**Task prompt**
Word for word, return each entry that follows, with every image removed.
Record excerpts START
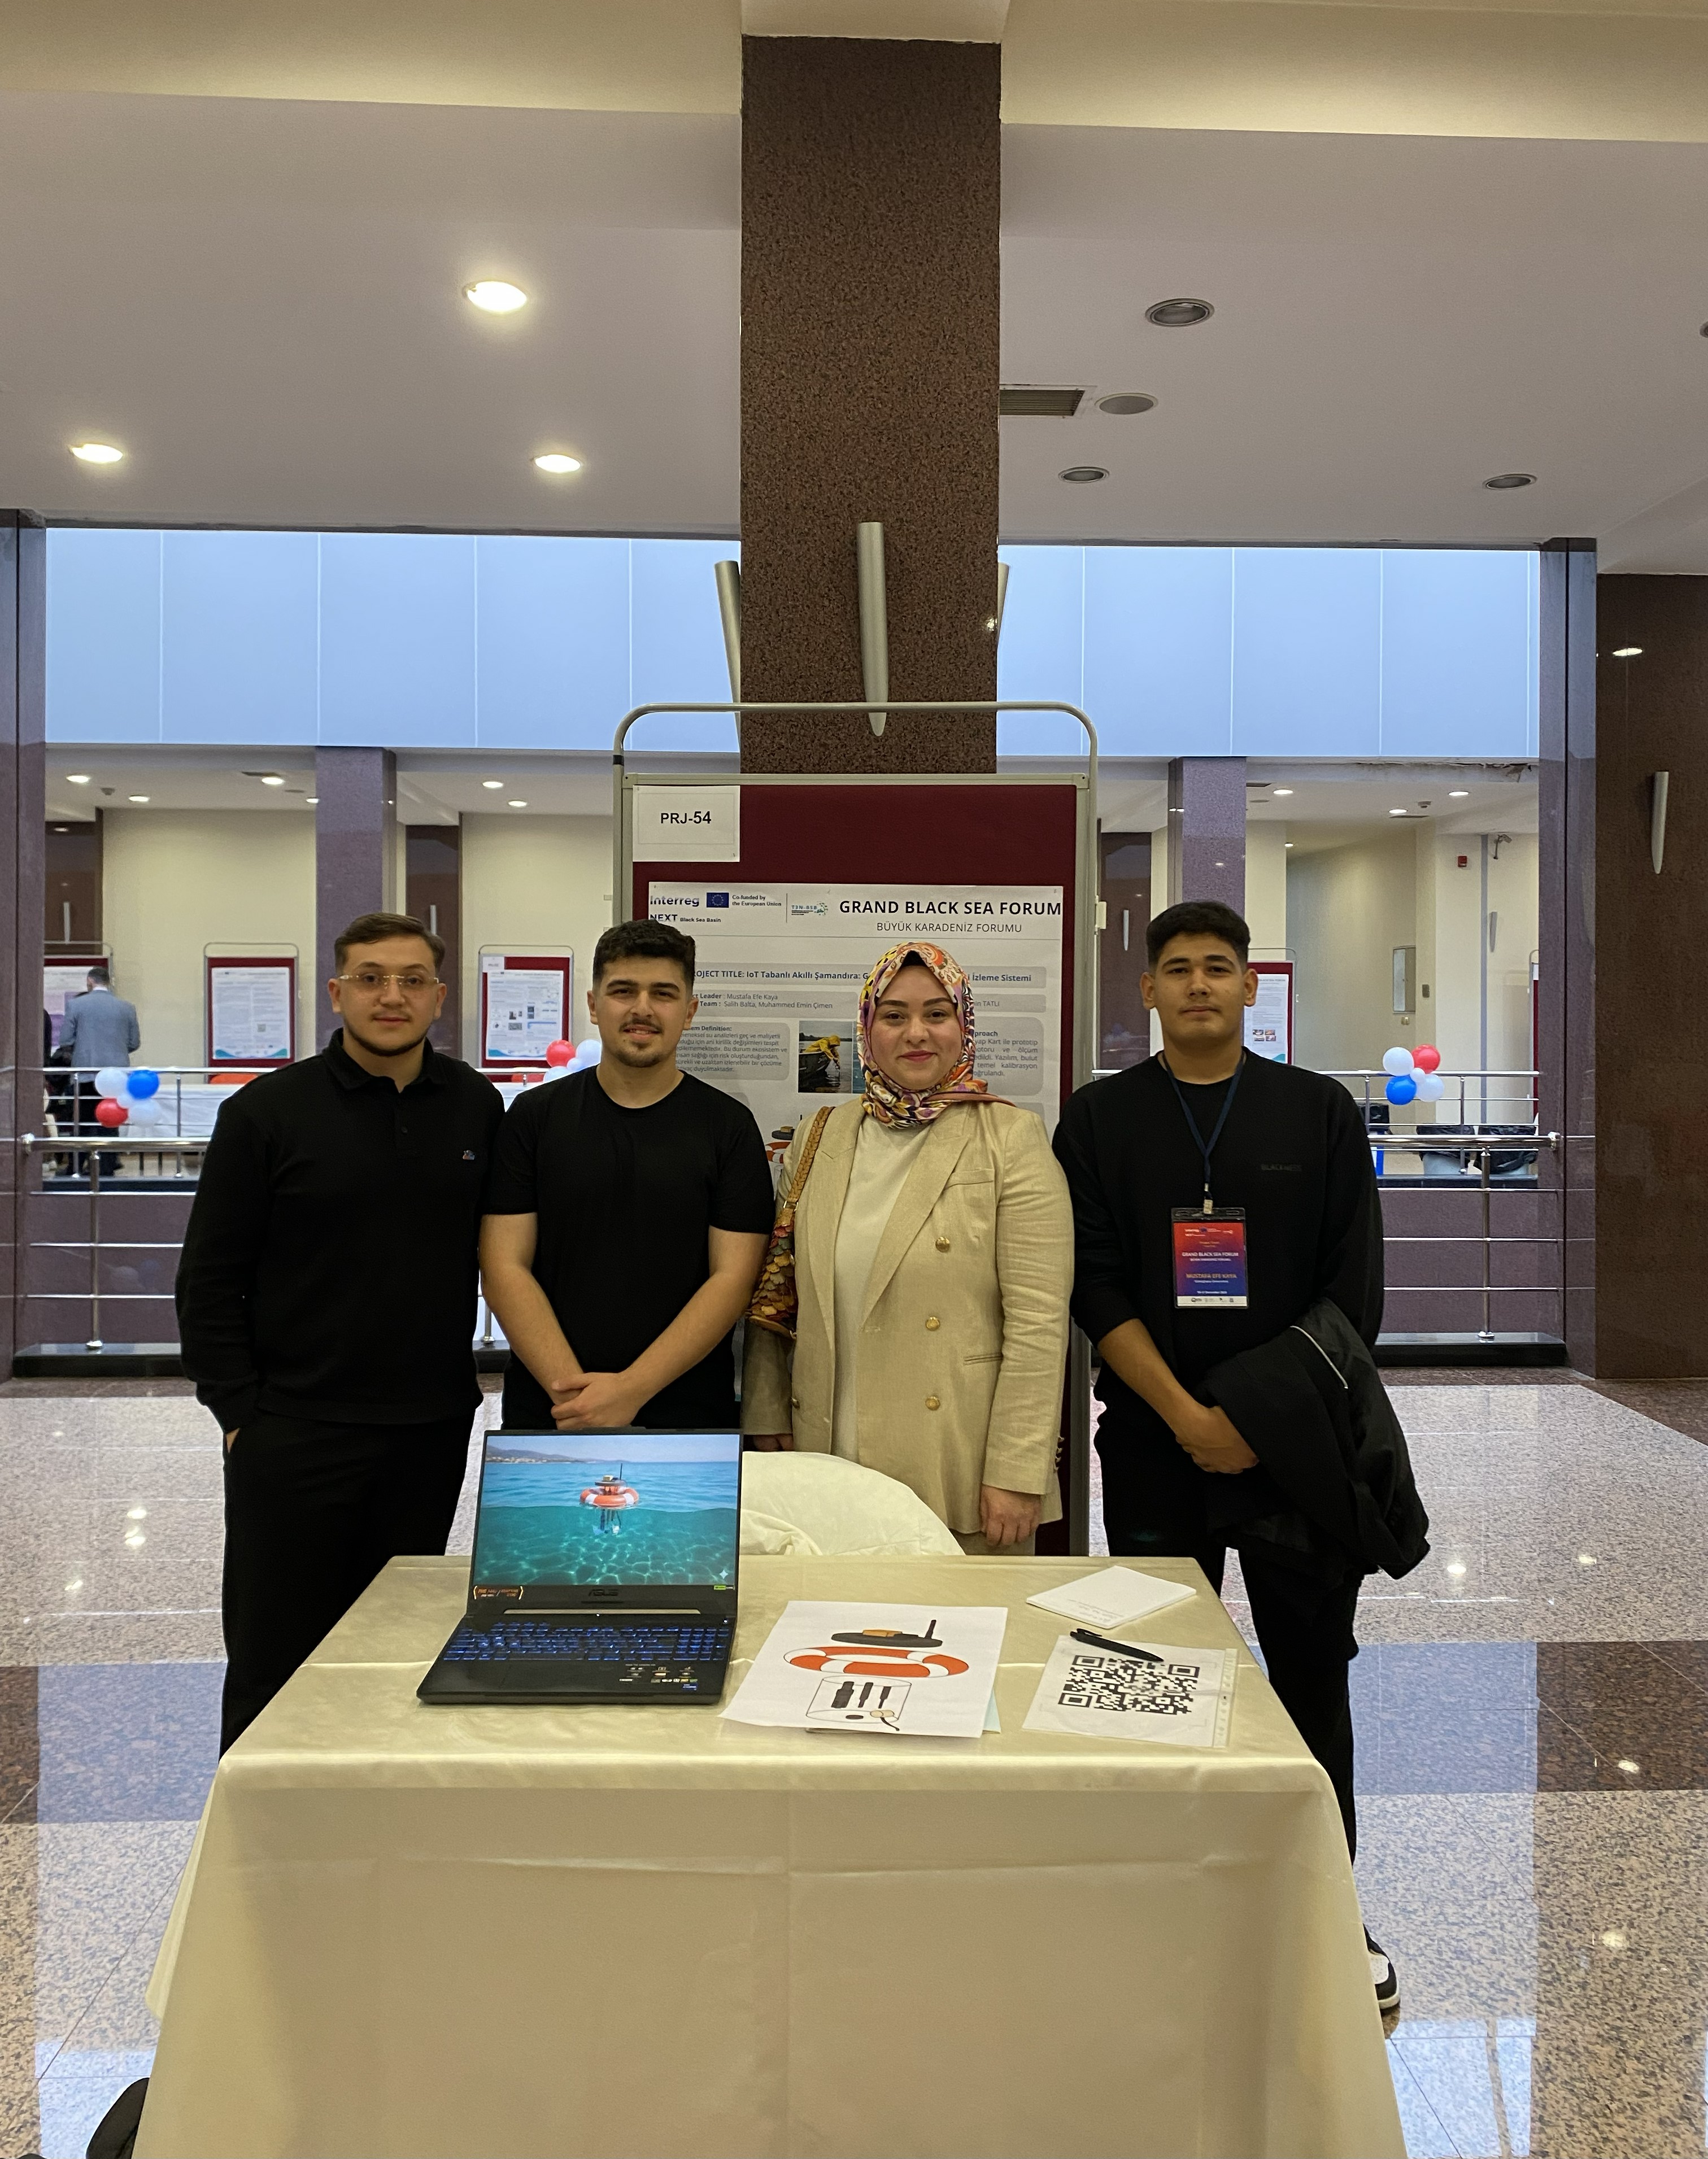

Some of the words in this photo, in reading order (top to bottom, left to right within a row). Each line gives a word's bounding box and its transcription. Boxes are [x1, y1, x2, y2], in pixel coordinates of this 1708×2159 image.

[661, 811, 712, 824] PRJ-54
[650, 895, 700, 907] Interreg
[839, 900, 899, 913] GRAND
[905, 901, 958, 914] BLACK
[964, 902, 994, 914] SEA
[1000, 902, 1061, 915] FORUM
[650, 914, 677, 922] NEXT
[877, 921, 912, 931] BÜYÜK
[915, 922, 973, 932] KARADENİZ
[976, 923, 1022, 932] FORUMU
[814, 972, 861, 980] Şamandıra:
[973, 972, 999, 981] İzleme
Record excerpts END
**Task solution**
Some of the words in this photo, in reading order (top to bottom, left to right within a row). Each line gives a word's bounding box and its transcription. Boxes are [x1, y1, x2, y2], in pixel coordinates of this 1708×2159 image.

[661, 811, 712, 824] PRJ-54
[650, 895, 700, 907] Interreg
[839, 900, 899, 913] GRAND
[905, 901, 958, 914] BLACK
[964, 902, 994, 914] SEA
[1000, 902, 1061, 915] FORUM
[650, 914, 677, 922] NEXT
[877, 921, 912, 931] BÜYÜK
[915, 922, 973, 932] KARADENİZ
[976, 923, 1022, 932] FORUMU
[814, 972, 861, 980] Şamandıra:
[973, 972, 999, 981] İzleme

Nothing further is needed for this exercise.